Re: [Corpora-List] fast scanner?

From: Sampo Nevalainen (samponev@cc.joensuu.fi)
Date: Thu Mar 13 2003 - 15:05:50 MET

  • Next message: Burnard Towers: "RE: [Corpora-List] BNC in XML?"

    I suppose that the effectiveness of the software used (both the scanner
    software and the OCR program) is at least as important as if not even more
    important than the speed of the scanner... I observed that when I changed
    to another OCR program (FineReader OCR system from ABBYY), the total time
    used for scanning decreased significantly. This is not an advertisement,
    but I am quite satisfied with FineReader, which was actually acknowledged
    as one of the three best OCR systems by PC Magazine (January, 20, 1998). It
    is quite fast and accurate, and recognizes a couple of hundred languages
    (including those that use Cyrillic alphabet); there's also spell checking
    avalable for several languages.

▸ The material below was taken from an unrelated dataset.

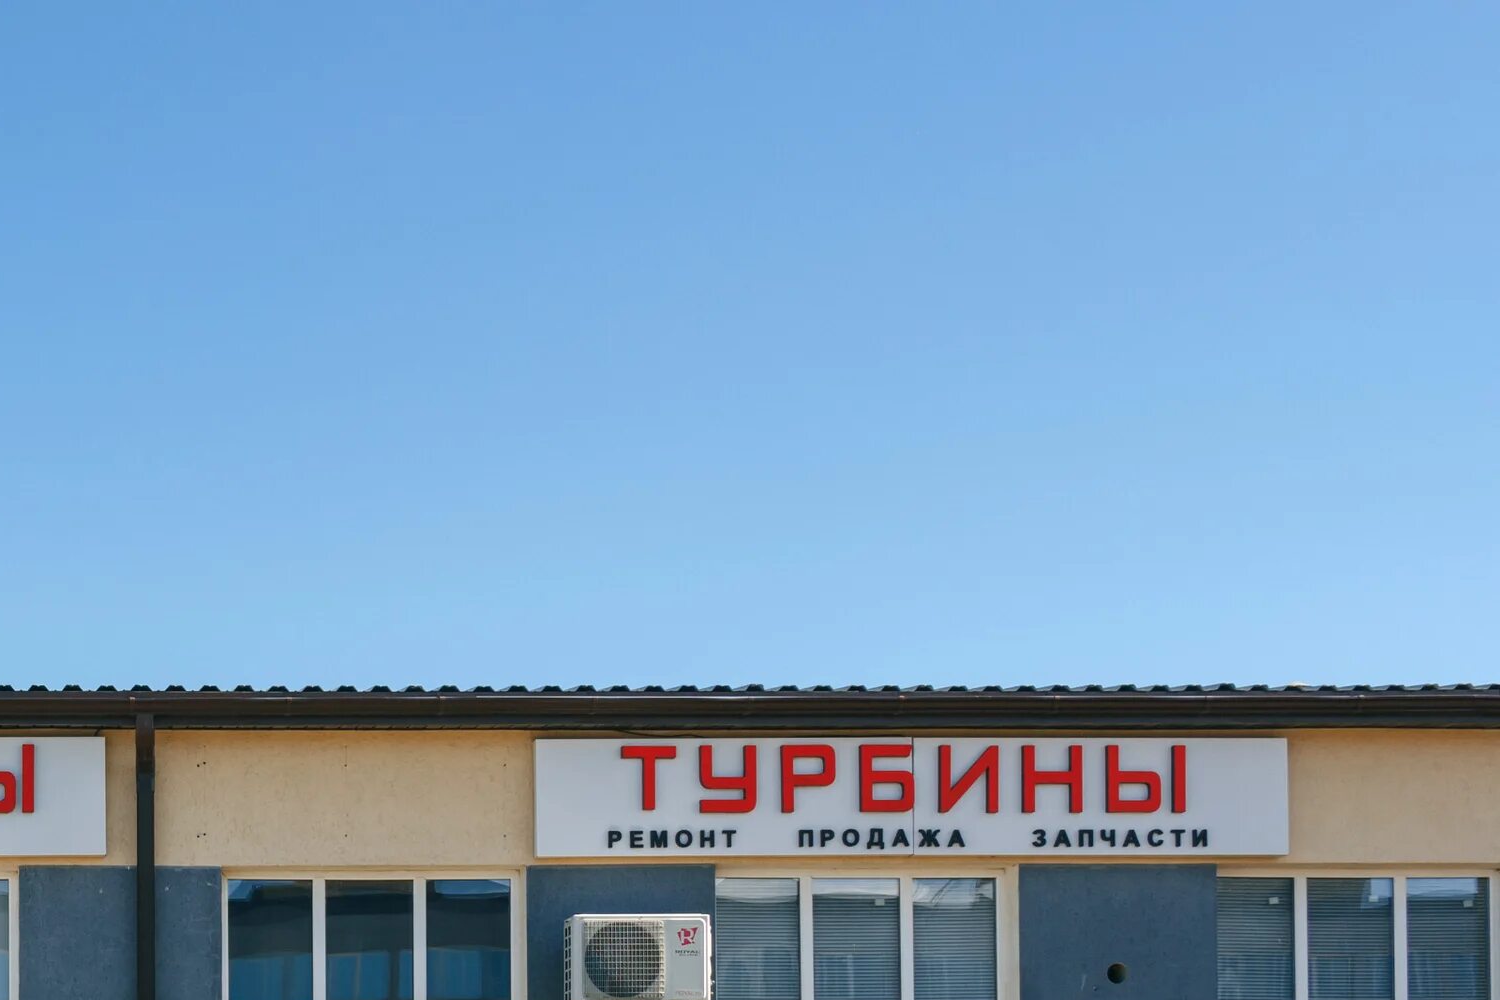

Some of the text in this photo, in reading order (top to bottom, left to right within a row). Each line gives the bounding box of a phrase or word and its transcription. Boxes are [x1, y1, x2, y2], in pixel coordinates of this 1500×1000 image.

I do not know for sure if FinerReader
    supports Arabic script, but at least at
    http://www.translation.net/arabsoft.html it is also listed under arabic
    scanning software. (See, for example, http://tev.itc.it/OCR/Products.html
    for other OCR programs.)

    At 11:15 13.3.2003 +0000, Eric Atwell wrote:
    >A super-fast scanner isn't much use without good OCR software - could I
    >please "piggy-back" on this query: can anyone recommend
    >good OCR (and/or hadwritten script recognition?) for Arabic, and other
    >languages written in Arabic script, to use with a fast scanner in corpus
    >collection?
    >
    >thanks
    >
    >eric atwell, Leeds University

    ( : ============================================= : )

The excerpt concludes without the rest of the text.